Task requirements: Would you give the records below again, exactly and completely?

Material provided:
————
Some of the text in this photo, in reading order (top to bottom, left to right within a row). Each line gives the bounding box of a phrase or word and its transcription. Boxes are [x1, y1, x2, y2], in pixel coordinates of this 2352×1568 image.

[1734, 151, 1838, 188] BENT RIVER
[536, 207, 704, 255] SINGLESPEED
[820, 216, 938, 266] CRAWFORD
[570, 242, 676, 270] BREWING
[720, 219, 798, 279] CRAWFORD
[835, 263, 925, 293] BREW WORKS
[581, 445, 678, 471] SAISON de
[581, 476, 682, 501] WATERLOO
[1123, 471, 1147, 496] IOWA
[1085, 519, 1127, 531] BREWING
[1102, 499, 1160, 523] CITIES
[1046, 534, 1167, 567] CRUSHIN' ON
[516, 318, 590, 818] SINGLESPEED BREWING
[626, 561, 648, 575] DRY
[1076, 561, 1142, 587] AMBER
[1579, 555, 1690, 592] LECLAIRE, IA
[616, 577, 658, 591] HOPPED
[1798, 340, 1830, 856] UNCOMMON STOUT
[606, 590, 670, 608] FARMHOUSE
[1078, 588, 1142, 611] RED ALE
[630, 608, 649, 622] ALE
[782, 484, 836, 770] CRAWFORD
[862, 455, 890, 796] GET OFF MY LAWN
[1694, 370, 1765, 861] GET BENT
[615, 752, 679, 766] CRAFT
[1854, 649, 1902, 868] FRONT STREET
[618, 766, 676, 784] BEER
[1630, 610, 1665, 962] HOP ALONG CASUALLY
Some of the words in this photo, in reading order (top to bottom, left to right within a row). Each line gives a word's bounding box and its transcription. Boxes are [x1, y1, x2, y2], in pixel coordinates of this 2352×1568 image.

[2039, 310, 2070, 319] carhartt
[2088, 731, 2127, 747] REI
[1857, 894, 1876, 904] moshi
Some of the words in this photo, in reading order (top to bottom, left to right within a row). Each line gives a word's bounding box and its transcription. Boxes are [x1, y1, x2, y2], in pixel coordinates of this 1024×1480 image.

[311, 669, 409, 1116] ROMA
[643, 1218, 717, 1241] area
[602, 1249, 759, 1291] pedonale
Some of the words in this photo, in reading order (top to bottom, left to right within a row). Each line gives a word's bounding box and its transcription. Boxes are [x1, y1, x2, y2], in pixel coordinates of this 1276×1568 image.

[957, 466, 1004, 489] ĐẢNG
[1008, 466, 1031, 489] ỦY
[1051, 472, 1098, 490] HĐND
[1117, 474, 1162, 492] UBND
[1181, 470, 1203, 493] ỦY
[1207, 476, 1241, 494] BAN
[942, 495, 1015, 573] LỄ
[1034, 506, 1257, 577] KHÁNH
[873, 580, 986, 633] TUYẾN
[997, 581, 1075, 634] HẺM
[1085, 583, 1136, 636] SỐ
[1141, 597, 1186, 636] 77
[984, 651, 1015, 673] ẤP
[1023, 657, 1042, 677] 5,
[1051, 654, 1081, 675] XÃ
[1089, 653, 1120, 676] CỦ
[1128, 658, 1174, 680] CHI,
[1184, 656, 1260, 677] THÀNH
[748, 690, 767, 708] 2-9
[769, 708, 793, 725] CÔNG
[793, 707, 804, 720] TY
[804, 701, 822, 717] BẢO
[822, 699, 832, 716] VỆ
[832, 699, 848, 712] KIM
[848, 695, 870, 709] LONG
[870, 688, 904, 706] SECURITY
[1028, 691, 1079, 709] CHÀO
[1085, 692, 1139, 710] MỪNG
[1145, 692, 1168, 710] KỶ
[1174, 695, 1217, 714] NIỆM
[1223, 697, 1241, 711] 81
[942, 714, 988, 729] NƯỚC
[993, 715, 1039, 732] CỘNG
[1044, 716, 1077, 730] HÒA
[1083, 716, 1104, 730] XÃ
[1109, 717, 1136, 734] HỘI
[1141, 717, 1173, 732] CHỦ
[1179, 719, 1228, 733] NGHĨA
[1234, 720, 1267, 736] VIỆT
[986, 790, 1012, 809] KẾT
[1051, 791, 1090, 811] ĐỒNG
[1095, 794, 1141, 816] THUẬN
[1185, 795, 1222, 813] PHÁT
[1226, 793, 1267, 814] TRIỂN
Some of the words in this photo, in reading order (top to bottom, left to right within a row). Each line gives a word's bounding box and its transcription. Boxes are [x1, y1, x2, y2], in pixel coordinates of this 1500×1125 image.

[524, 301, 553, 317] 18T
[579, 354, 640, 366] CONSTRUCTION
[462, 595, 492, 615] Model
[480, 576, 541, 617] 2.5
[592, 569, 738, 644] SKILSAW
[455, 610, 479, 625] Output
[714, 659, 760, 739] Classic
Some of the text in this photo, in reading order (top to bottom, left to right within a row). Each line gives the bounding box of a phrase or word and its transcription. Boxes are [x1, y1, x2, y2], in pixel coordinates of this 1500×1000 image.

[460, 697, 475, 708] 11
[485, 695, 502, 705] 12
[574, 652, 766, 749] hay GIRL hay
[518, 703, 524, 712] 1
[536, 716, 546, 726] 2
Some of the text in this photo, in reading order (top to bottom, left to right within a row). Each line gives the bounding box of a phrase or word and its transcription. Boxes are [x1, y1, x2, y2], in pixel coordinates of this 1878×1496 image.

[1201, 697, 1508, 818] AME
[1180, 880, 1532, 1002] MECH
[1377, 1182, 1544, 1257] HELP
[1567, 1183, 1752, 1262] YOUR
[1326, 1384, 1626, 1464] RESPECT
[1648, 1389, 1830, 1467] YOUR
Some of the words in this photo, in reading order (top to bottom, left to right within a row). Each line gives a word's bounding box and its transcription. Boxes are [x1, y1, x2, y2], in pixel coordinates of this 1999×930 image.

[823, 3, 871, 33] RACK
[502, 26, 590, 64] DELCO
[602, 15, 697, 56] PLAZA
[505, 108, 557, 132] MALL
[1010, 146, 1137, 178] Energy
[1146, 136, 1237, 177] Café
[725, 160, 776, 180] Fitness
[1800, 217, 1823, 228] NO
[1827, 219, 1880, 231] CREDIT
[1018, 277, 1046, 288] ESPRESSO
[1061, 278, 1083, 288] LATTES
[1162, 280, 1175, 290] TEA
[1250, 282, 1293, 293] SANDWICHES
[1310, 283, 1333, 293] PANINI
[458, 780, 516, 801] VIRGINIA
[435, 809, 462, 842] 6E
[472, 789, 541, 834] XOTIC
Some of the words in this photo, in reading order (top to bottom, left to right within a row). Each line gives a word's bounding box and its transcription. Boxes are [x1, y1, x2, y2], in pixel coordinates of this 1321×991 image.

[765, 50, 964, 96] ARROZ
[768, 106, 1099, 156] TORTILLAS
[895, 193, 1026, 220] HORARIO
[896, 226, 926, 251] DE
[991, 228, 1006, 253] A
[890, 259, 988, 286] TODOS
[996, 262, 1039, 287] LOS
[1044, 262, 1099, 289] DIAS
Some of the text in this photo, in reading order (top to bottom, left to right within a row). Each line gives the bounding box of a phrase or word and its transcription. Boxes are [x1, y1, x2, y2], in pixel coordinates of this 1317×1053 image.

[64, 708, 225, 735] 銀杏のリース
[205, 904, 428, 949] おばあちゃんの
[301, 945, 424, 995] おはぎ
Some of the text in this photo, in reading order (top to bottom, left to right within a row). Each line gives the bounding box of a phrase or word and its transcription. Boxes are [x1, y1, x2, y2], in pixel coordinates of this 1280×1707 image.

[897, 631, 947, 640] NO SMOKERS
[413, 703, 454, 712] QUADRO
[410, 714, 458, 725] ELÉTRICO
————
Answer to this exercise:
Some of the text in this photo, in reading order (top to bottom, left to right within a row). Each line gives the bounding box of a phrase or word and its transcription. Boxes are [x1, y1, x2, y2], in pixel coordinates of this 2352×1568 image.

[1734, 151, 1838, 188] BENT RIVER
[536, 207, 704, 255] SINGLESPEED
[820, 216, 938, 266] CRAWFORD
[570, 242, 676, 270] BREWING
[720, 219, 798, 279] CRAWFORD
[835, 263, 925, 293] BREW WORKS
[581, 445, 678, 471] SAISON de
[581, 476, 682, 501] WATERLOO
[1123, 471, 1147, 496] IOWA
[1085, 519, 1127, 531] BREWING
[1102, 499, 1160, 523] CITIES
[1046, 534, 1167, 567] CRUSHIN' ON
[516, 318, 590, 818] SINGLESPEED BREWING
[626, 561, 648, 575] DRY
[1076, 561, 1142, 587] AMBER
[1579, 555, 1690, 592] LECLAIRE, IA
[616, 577, 658, 591] HOPPED
[1798, 340, 1830, 856] UNCOMMON STOUT
[606, 590, 670, 608] FARMHOUSE
[1078, 588, 1142, 611] RED ALE
[630, 608, 649, 622] ALE
[782, 484, 836, 770] CRAWFORD
[862, 455, 890, 796] GET OFF MY LAWN
[1694, 370, 1765, 861] GET BENT
[615, 752, 679, 766] CRAFT
[1854, 649, 1902, 868] FRONT STREET
[618, 766, 676, 784] BEER
[1630, 610, 1665, 962] HOP ALONG CASUALLY
Some of the words in this photo, in reading order (top to bottom, left to right within a row). Each line gives a word's bounding box and its transcription. Boxes are [x1, y1, x2, y2], in pixel coordinates of this 2352×1568 image.

[2039, 310, 2070, 319] carhartt
[2088, 731, 2127, 747] REI
[1857, 894, 1876, 904] moshi
Some of the words in this photo, in reading order (top to bottom, left to right within a row). Each line gives a word's bounding box and its transcription. Boxes are [x1, y1, x2, y2], in pixel coordinates of this 1024×1480 image.

[311, 669, 409, 1116] ROMA
[643, 1218, 717, 1241] area
[602, 1249, 759, 1291] pedonale
Some of the words in this photo, in reading order (top to bottom, left to right within a row). Each line gives a word's bounding box and its transcription. Boxes are [x1, y1, x2, y2], in pixel coordinates of this 1276×1568 image.

[957, 466, 1004, 489] ĐẢNG
[1008, 466, 1031, 489] ỦY
[1051, 472, 1098, 490] HĐND
[1117, 474, 1162, 492] UBND
[1181, 470, 1203, 493] ỦY
[1207, 476, 1241, 494] BAN
[942, 495, 1015, 573] LỄ
[1034, 506, 1257, 577] KHÁNH
[873, 580, 986, 633] TUYẾN
[997, 581, 1075, 634] HẺM
[1085, 583, 1136, 636] SỐ
[1141, 597, 1186, 636] 77
[984, 651, 1015, 673] ẤP
[1023, 657, 1042, 677] 5,
[1051, 654, 1081, 675] XÃ
[1089, 653, 1120, 676] CỦ
[1128, 658, 1174, 680] CHI,
[1184, 656, 1260, 677] THÀNH
[748, 690, 767, 708] 2-9
[769, 708, 793, 725] CÔNG
[793, 707, 804, 720] TY
[804, 701, 822, 717] BẢO
[822, 699, 832, 716] VỆ
[832, 699, 848, 712] KIM
[848, 695, 870, 709] LONG
[870, 688, 904, 706] SECURITY
[1028, 691, 1079, 709] CHÀO
[1085, 692, 1139, 710] MỪNG
[1145, 692, 1168, 710] KỶ
[1174, 695, 1217, 714] NIỆM
[1223, 697, 1241, 711] 81
[942, 714, 988, 729] NƯỚC
[993, 715, 1039, 732] CỘNG
[1044, 716, 1077, 730] HÒA
[1083, 716, 1104, 730] XÃ
[1109, 717, 1136, 734] HỘI
[1141, 717, 1173, 732] CHỦ
[1179, 719, 1228, 733] NGHĨA
[1234, 720, 1267, 736] VIỆT
[986, 790, 1012, 809] KẾT
[1051, 791, 1090, 811] ĐỒNG
[1095, 794, 1141, 816] THUẬN
[1185, 795, 1222, 813] PHÁT
[1226, 793, 1267, 814] TRIỂN
Some of the words in this photo, in reading order (top to bottom, left to right within a row). Each line gives a word's bounding box and its transcription. Boxes are [x1, y1, x2, y2], in pixel coordinates of this 1500×1125 image.

[524, 301, 553, 317] 18T
[579, 354, 640, 366] CONSTRUCTION
[462, 595, 492, 615] Model
[480, 576, 541, 617] 2.5
[592, 569, 738, 644] SKILSAW
[455, 610, 479, 625] Output
[714, 659, 760, 739] Classic
Some of the text in this photo, in reading order (top to bottom, left to right within a row). Each line gives the bounding box of a phrase or word and its transcription. Boxes are [x1, y1, x2, y2], in pixel coordinates of this 1500×1000 image.

[460, 697, 475, 708] 11
[485, 695, 502, 705] 12
[574, 652, 766, 749] hay GIRL hay
[518, 703, 524, 712] 1
[536, 716, 546, 726] 2
Some of the text in this photo, in reading order (top to bottom, left to right within a row). Each line gives the bounding box of a phrase or word and its transcription. Boxes are [x1, y1, x2, y2], in pixel coordinates of this 1878×1496 image.

[1201, 697, 1508, 818] AME
[1180, 880, 1532, 1002] MECH
[1377, 1182, 1544, 1257] HELP
[1567, 1183, 1752, 1262] YOUR
[1326, 1384, 1626, 1464] RESPECT
[1648, 1389, 1830, 1467] YOUR
Some of the words in this photo, in reading order (top to bottom, left to right within a row). Each line gives a word's bounding box and its transcription. Boxes are [x1, y1, x2, y2], in pixel coordinates of this 1999×930 image.

[823, 3, 871, 33] RACK
[502, 26, 590, 64] DELCO
[602, 15, 697, 56] PLAZA
[505, 108, 557, 132] MALL
[1010, 146, 1137, 178] Energy
[1146, 136, 1237, 177] Café
[725, 160, 776, 180] Fitness
[1800, 217, 1823, 228] NO
[1827, 219, 1880, 231] CREDIT
[1018, 277, 1046, 288] ESPRESSO
[1061, 278, 1083, 288] LATTES
[1162, 280, 1175, 290] TEA
[1250, 282, 1293, 293] SANDWICHES
[1310, 283, 1333, 293] PANINI
[458, 780, 516, 801] VIRGINIA
[435, 809, 462, 842] 6E
[472, 789, 541, 834] XOTIC
Some of the words in this photo, in reading order (top to bottom, left to right within a row). Each line gives a word's bounding box and its transcription. Boxes are [x1, y1, x2, y2], in pixel coordinates of this 1321×991 image.

[765, 50, 964, 96] ARROZ
[768, 106, 1099, 156] TORTILLAS
[895, 193, 1026, 220] HORARIO
[896, 226, 926, 251] DE
[991, 228, 1006, 253] A
[890, 259, 988, 286] TODOS
[996, 262, 1039, 287] LOS
[1044, 262, 1099, 289] DIAS
Some of the text in this photo, in reading order (top to bottom, left to right within a row). Each line gives the bounding box of a phrase or word and its transcription. Boxes are [x1, y1, x2, y2], in pixel coordinates of this 1317×1053 image.

[64, 708, 225, 735] 銀杏のリース
[205, 904, 428, 949] おばあちゃんの
[301, 945, 424, 995] おはぎ
Some of the text in this photo, in reading order (top to bottom, left to right within a row). Each line gives the bounding box of a phrase or word and its transcription. Boxes are [x1, y1, x2, y2], in pixel coordinates of this 1280×1707 image.

[897, 631, 947, 640] NO SMOKERS
[413, 703, 454, 712] QUADRO
[410, 714, 458, 725] ELÉTRICO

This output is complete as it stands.